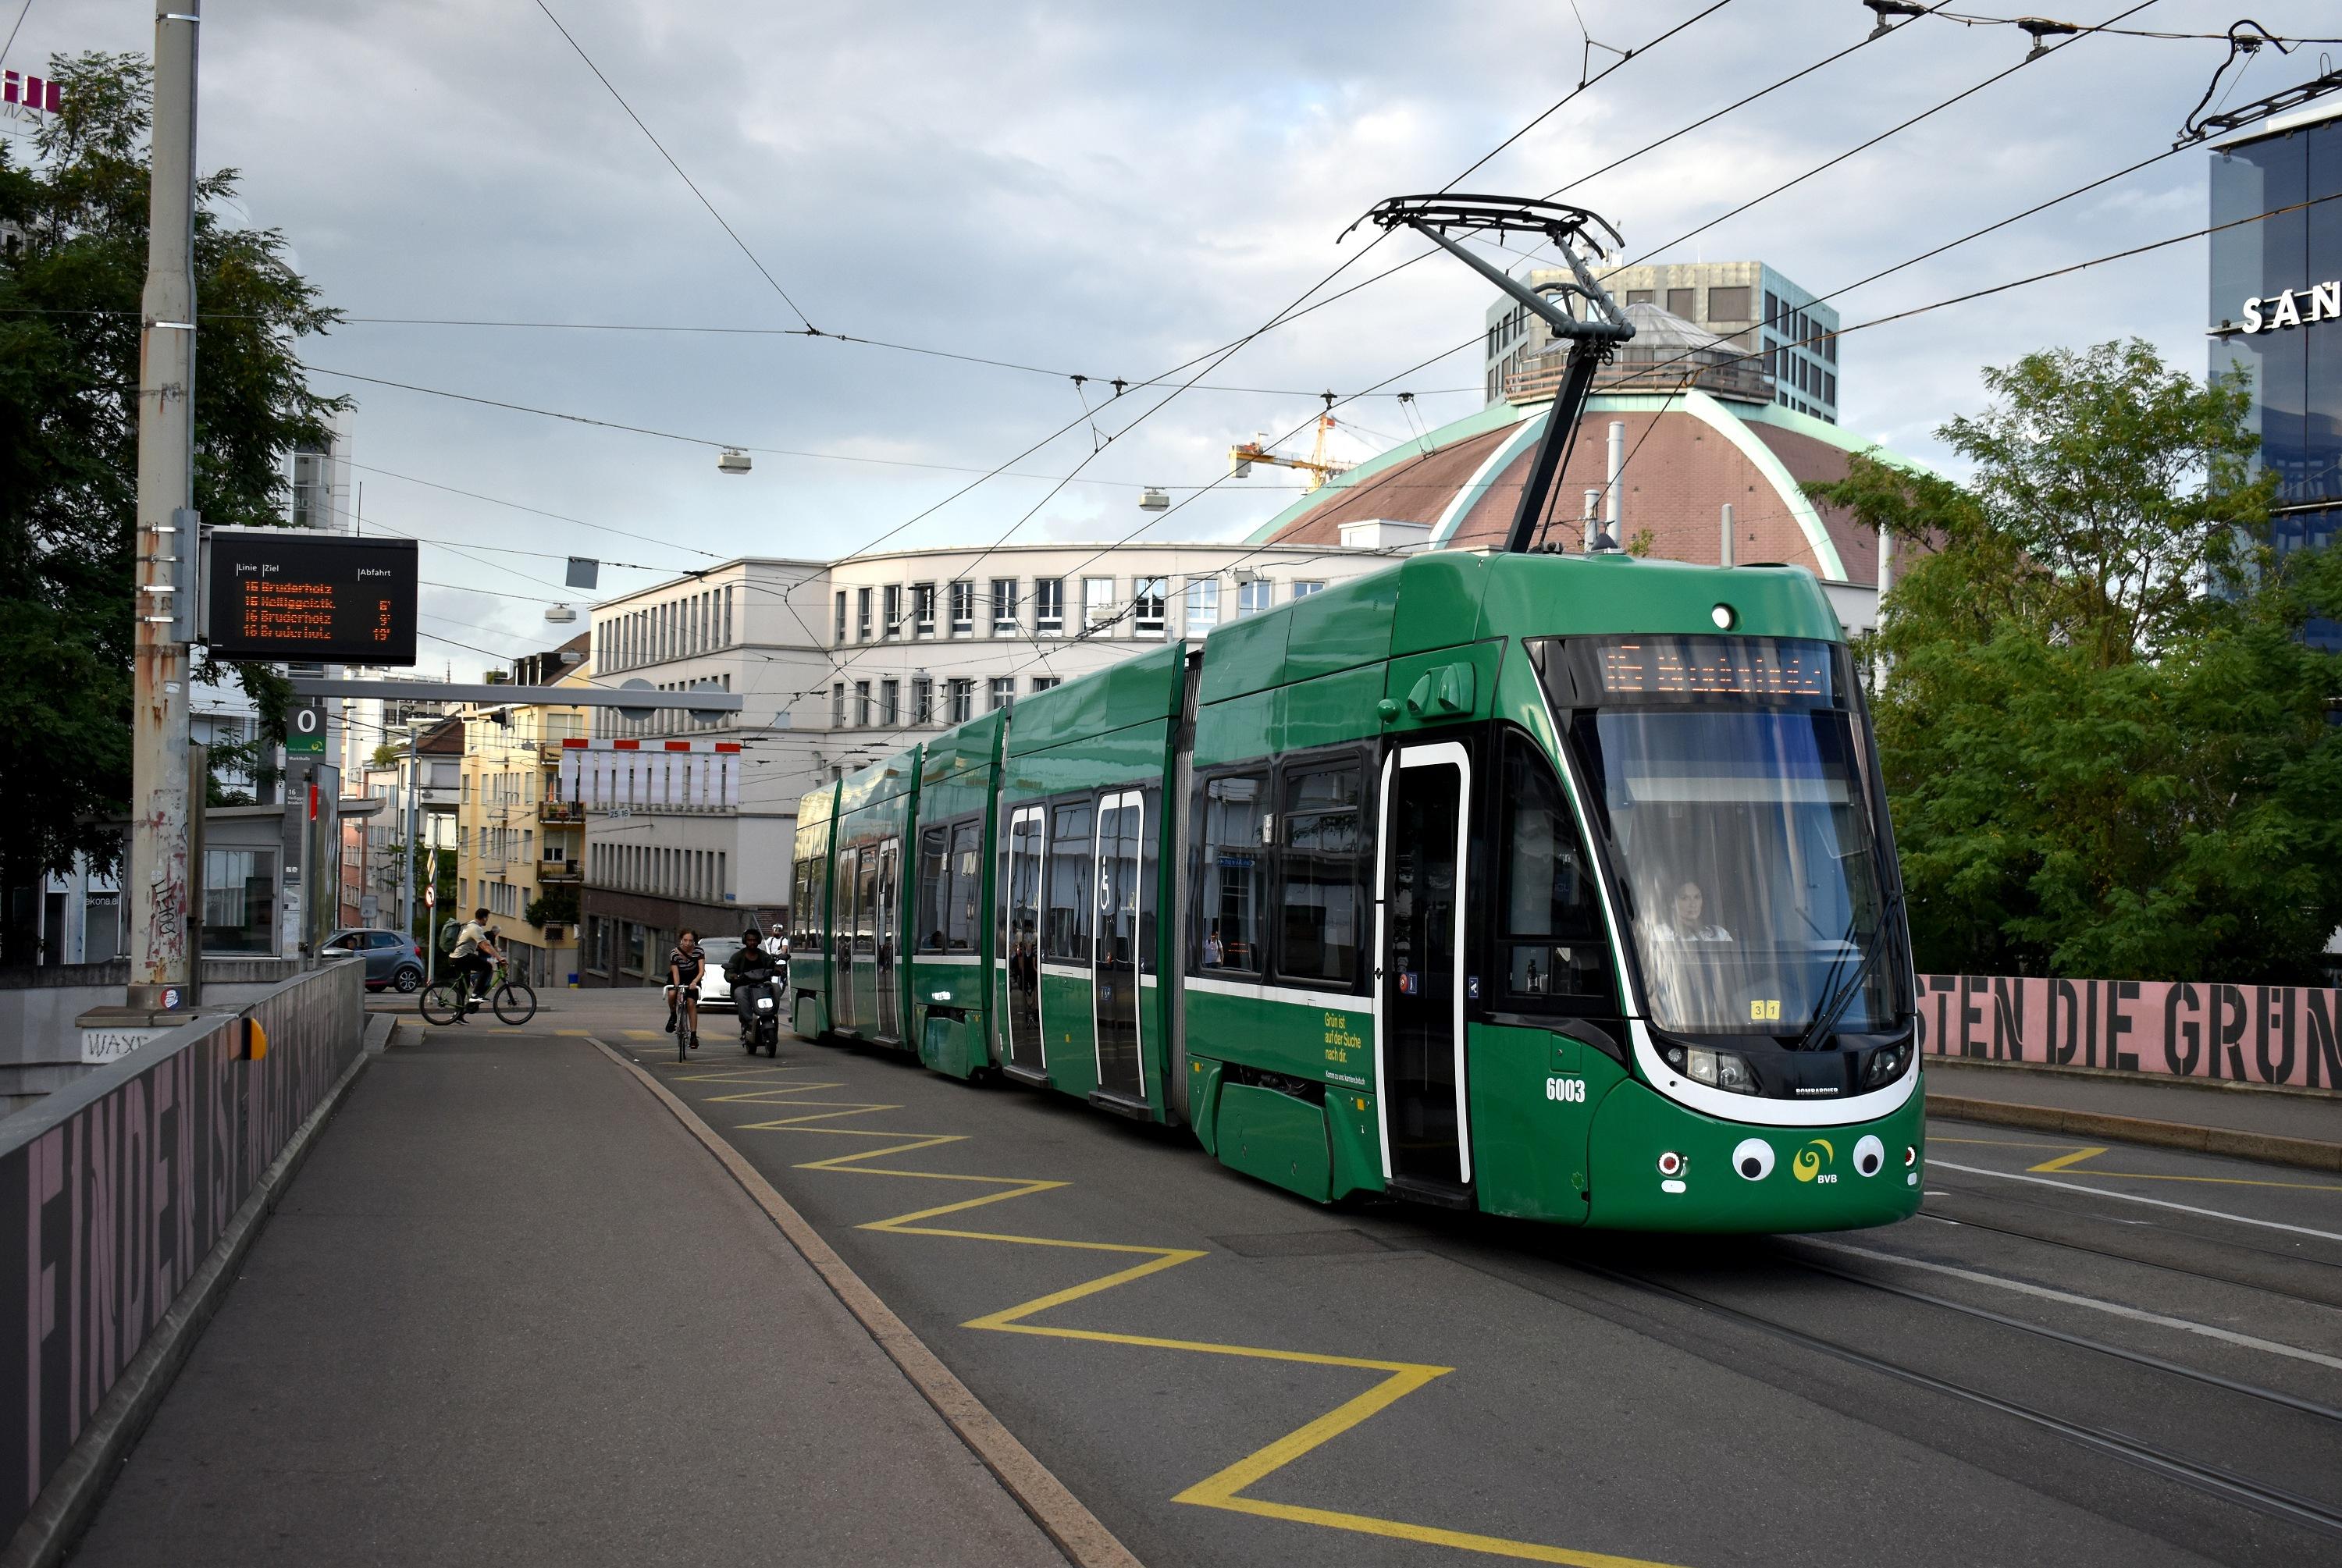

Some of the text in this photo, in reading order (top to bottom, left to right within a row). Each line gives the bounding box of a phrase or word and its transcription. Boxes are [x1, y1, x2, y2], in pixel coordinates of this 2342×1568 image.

[2242, 281, 2341, 334] SAN
[262, 581, 332, 593] Bruderholz
[261, 610, 332, 624] Bruderholz
[261, 624, 331, 638] Bruderholz
[1325, 1012, 1337, 1028] Grün
[2046, 978, 2140, 1071] DIE
[1325, 1030, 1361, 1048] auf der Suche
[1325, 1047, 1347, 1062] nach dir.
[1546, 1077, 1586, 1103] 6003
[1817, 1174, 1838, 1184] BVB
[28, 1042, 196, 1509] FINDEN
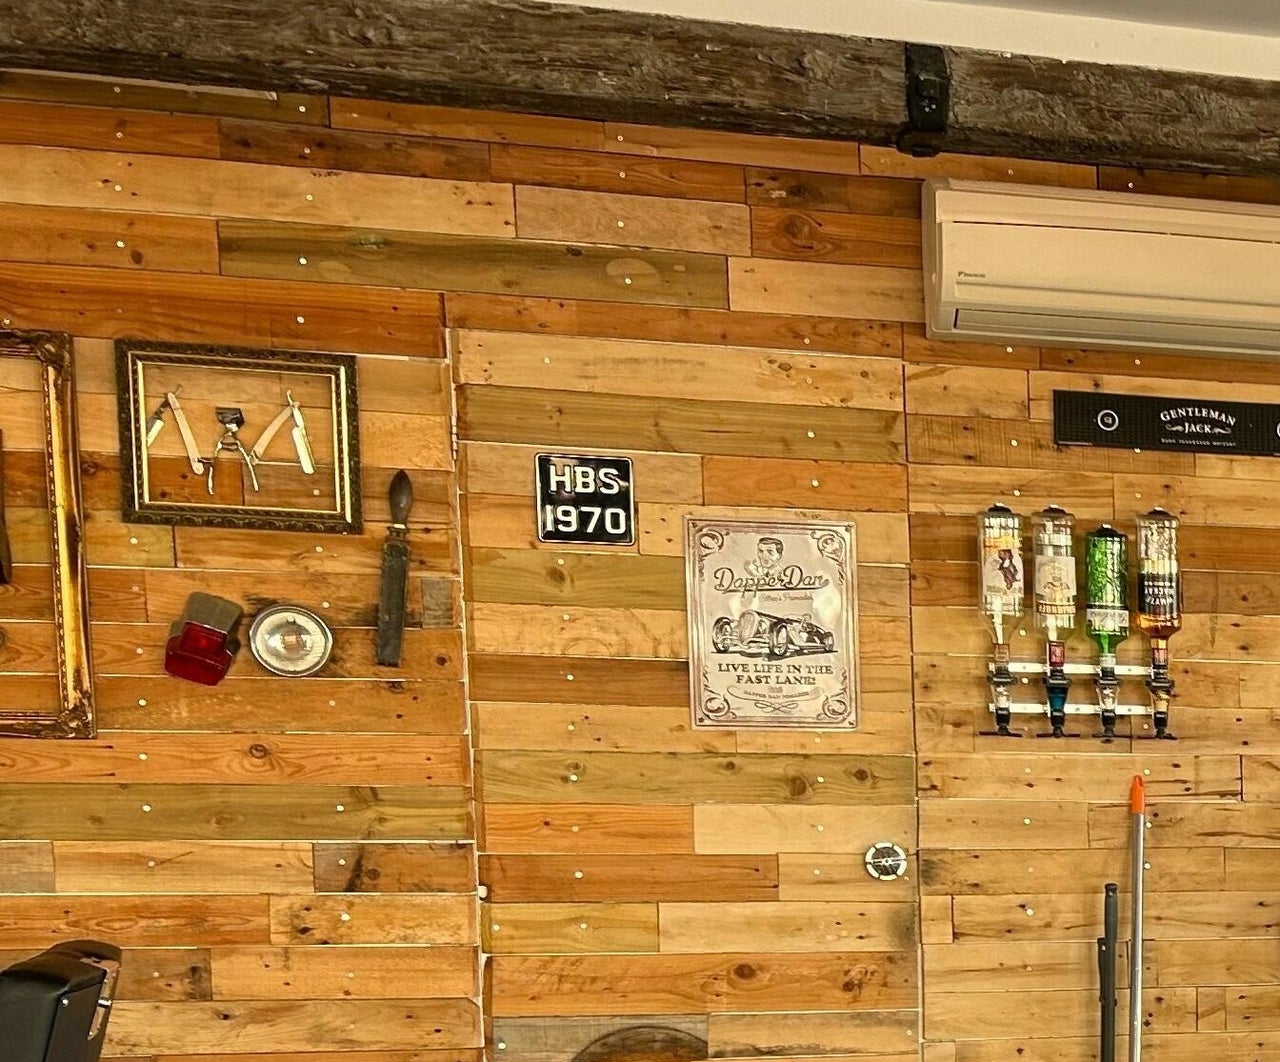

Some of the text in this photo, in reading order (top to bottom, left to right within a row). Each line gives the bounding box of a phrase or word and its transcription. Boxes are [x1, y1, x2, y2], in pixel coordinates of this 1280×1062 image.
-.-.-
Task item ▸ In your transcription of the listing above, match each line exactly and include no pictures.

Solution to this problem ▸
Some of the text in this photo, in reading order (top to bottom, left to right within a row). Each line gives the bounding box of a phrase or word and its transcription. Boxes are [x1, y1, x2, y2], in pixel coordinates of this 2342×1568 image.

[2242, 281, 2341, 334] SAN
[262, 581, 332, 593] Bruderholz
[261, 610, 332, 624] Bruderholz
[261, 624, 331, 638] Bruderholz
[1325, 1012, 1337, 1028] Grün
[2046, 978, 2140, 1071] DIE
[1325, 1030, 1361, 1048] auf der Suche
[1325, 1047, 1347, 1062] nach dir.
[1546, 1077, 1586, 1103] 6003
[1817, 1174, 1838, 1184] BVB
[28, 1042, 196, 1509] FINDEN

Some of the text in this photo, in reading order (top to bottom, left to right within a row). Each line gives the bounding box of a phrase or word and its transcription. Boxes are [x1, y1, x2, y2], in pixel coordinates of this 1280×1062 image.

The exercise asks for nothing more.